Exercise:
Leave out the pictures and return every entry exactly as it appears.

Image-backed grounding data
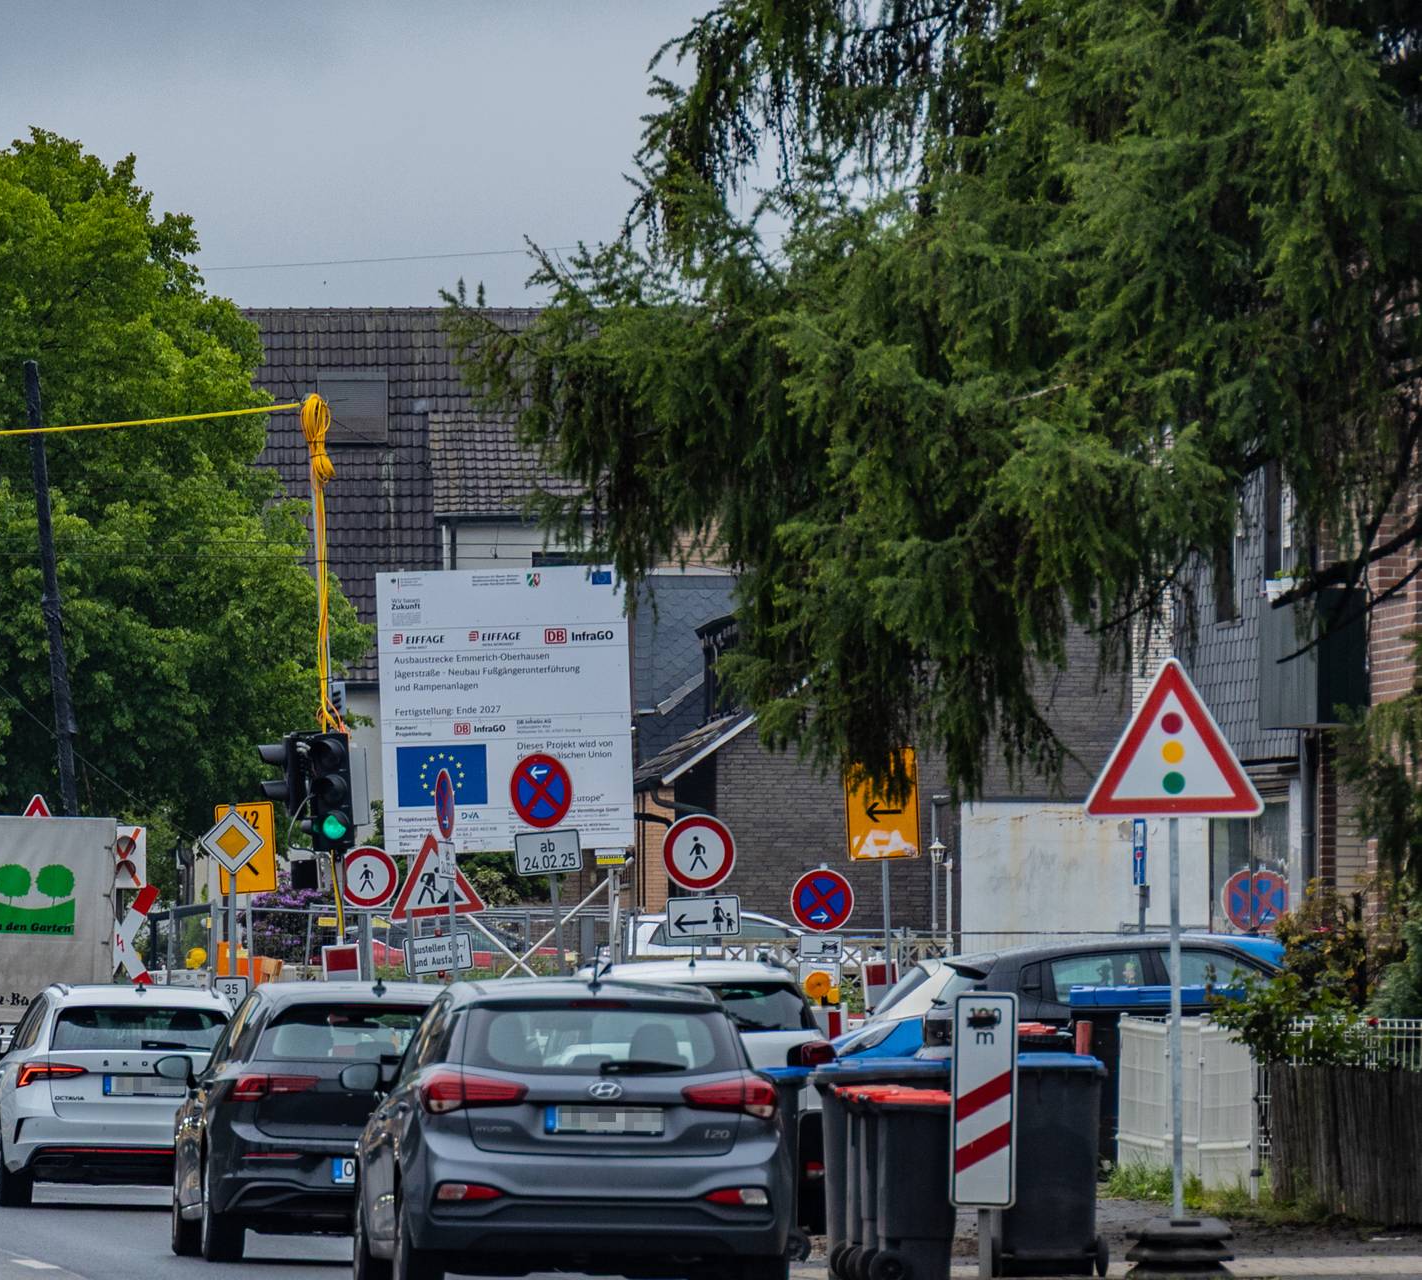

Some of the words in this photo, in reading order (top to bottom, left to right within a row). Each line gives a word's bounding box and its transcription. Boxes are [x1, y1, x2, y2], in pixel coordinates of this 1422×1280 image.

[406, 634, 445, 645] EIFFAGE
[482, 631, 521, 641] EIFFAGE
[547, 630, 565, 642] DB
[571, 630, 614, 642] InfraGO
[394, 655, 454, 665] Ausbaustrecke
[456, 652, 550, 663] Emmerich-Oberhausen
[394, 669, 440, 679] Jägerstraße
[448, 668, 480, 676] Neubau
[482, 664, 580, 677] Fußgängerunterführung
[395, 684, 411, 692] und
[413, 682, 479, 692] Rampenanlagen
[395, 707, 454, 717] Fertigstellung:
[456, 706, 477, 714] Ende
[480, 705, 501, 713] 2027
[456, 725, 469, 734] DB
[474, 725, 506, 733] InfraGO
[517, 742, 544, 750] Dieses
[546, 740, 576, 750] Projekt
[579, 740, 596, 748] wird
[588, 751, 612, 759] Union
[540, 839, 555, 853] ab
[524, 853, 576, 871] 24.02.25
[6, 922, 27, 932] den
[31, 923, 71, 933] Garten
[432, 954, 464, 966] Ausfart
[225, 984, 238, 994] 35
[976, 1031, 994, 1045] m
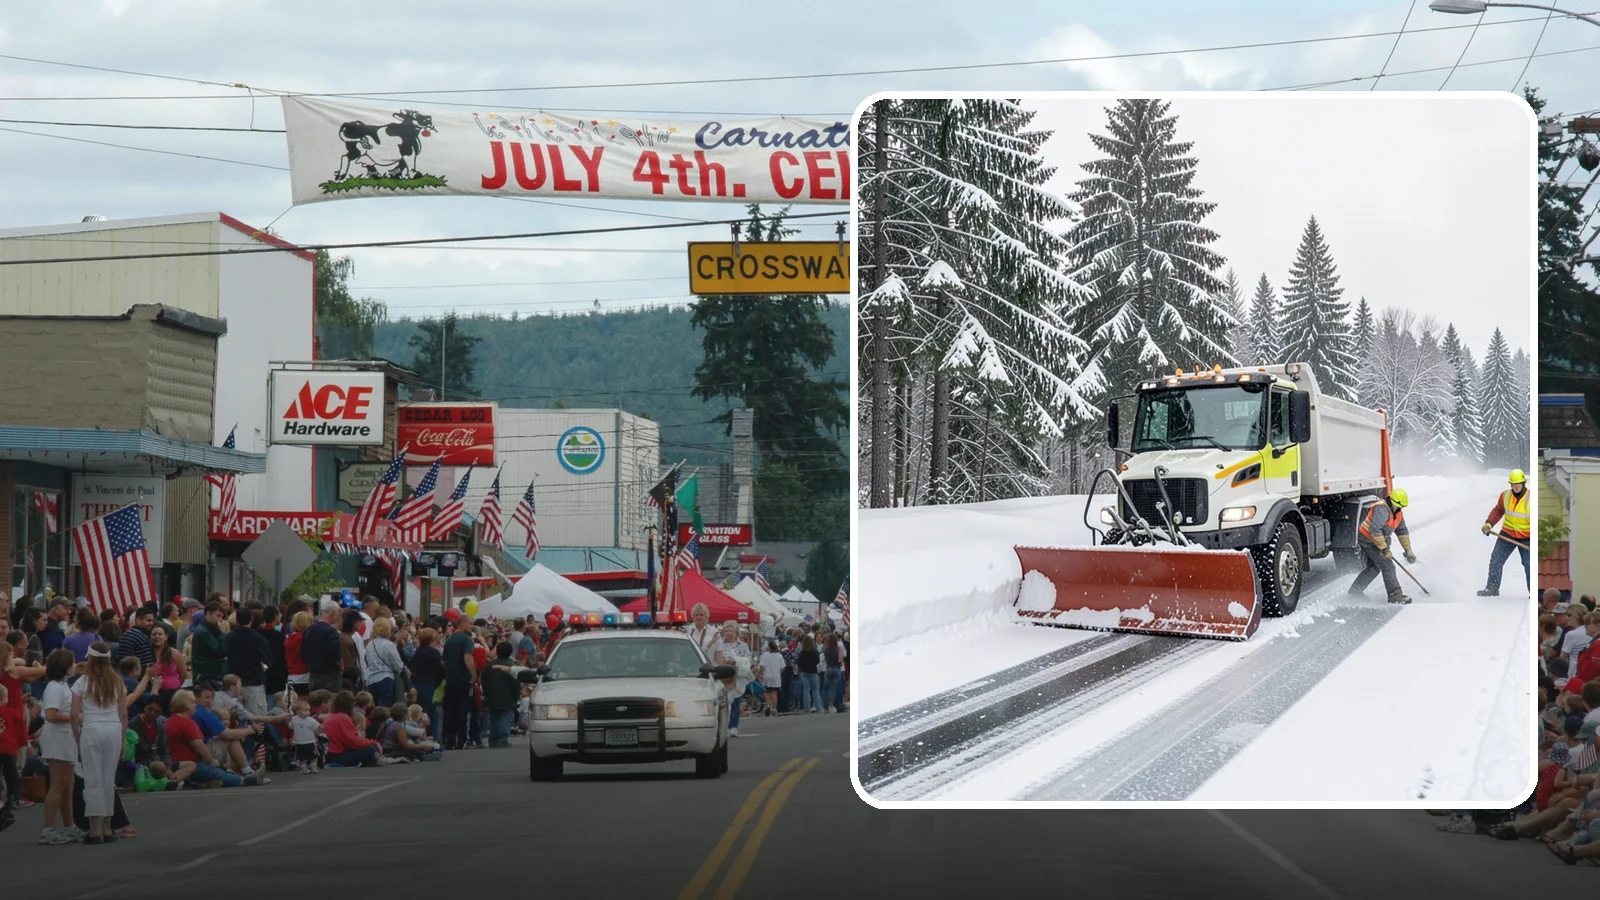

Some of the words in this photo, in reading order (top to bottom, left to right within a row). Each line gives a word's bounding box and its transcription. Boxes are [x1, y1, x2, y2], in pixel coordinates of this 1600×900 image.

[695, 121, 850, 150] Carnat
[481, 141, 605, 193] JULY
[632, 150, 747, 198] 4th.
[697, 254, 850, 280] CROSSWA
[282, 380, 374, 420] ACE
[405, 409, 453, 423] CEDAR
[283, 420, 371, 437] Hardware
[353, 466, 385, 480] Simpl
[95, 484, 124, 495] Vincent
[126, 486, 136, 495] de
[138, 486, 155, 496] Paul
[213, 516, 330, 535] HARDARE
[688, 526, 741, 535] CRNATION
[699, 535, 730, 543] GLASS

Solved exercise:
Some of the words in this photo, in reading order (top to bottom, left to right within a row). Each line gives a word's bounding box and its transcription. Boxes are [x1, y1, x2, y2], in pixel coordinates of this 1422×1280 image.

[406, 634, 445, 645] EIFFAGE
[482, 631, 521, 641] EIFFAGE
[547, 630, 565, 642] DB
[571, 630, 614, 642] InfraGO
[394, 655, 454, 665] Ausbaustrecke
[456, 652, 550, 663] Emmerich-Oberhausen
[394, 669, 440, 679] Jägerstraße
[448, 668, 480, 676] Neubau
[482, 664, 580, 677] Fußgängerunterführung
[395, 684, 411, 692] und
[413, 682, 479, 692] Rampenanlagen
[395, 707, 454, 717] Fertigstellung:
[456, 706, 477, 714] Ende
[480, 705, 501, 713] 2027
[456, 725, 469, 734] DB
[474, 725, 506, 733] InfraGO
[517, 742, 544, 750] Dieses
[546, 740, 576, 750] Projekt
[579, 740, 596, 748] wird
[588, 751, 612, 759] Union
[540, 839, 555, 853] ab
[524, 853, 576, 871] 24.02.25
[6, 922, 27, 932] den
[31, 923, 71, 933] Garten
[432, 954, 464, 966] Ausfart
[225, 984, 238, 994] 35
[976, 1031, 994, 1045] m

Some of the words in this photo, in reading order (top to bottom, left to right within a row). Each line gives a word's bounding box and its transcription. Boxes are [x1, y1, x2, y2], in pixel coordinates of this 1600×900 image.

[695, 121, 850, 150] Carnat
[481, 141, 605, 193] JULY
[632, 150, 747, 198] 4th.
[697, 254, 850, 280] CROSSWA
[282, 380, 374, 420] ACE
[405, 409, 453, 423] CEDAR
[283, 420, 371, 437] Hardware
[353, 466, 385, 480] Simpl
[95, 484, 124, 495] Vincent
[126, 486, 136, 495] de
[138, 486, 155, 496] Paul
[213, 516, 330, 535] HARDARE
[688, 526, 741, 535] CRNATION
[699, 535, 730, 543] GLASS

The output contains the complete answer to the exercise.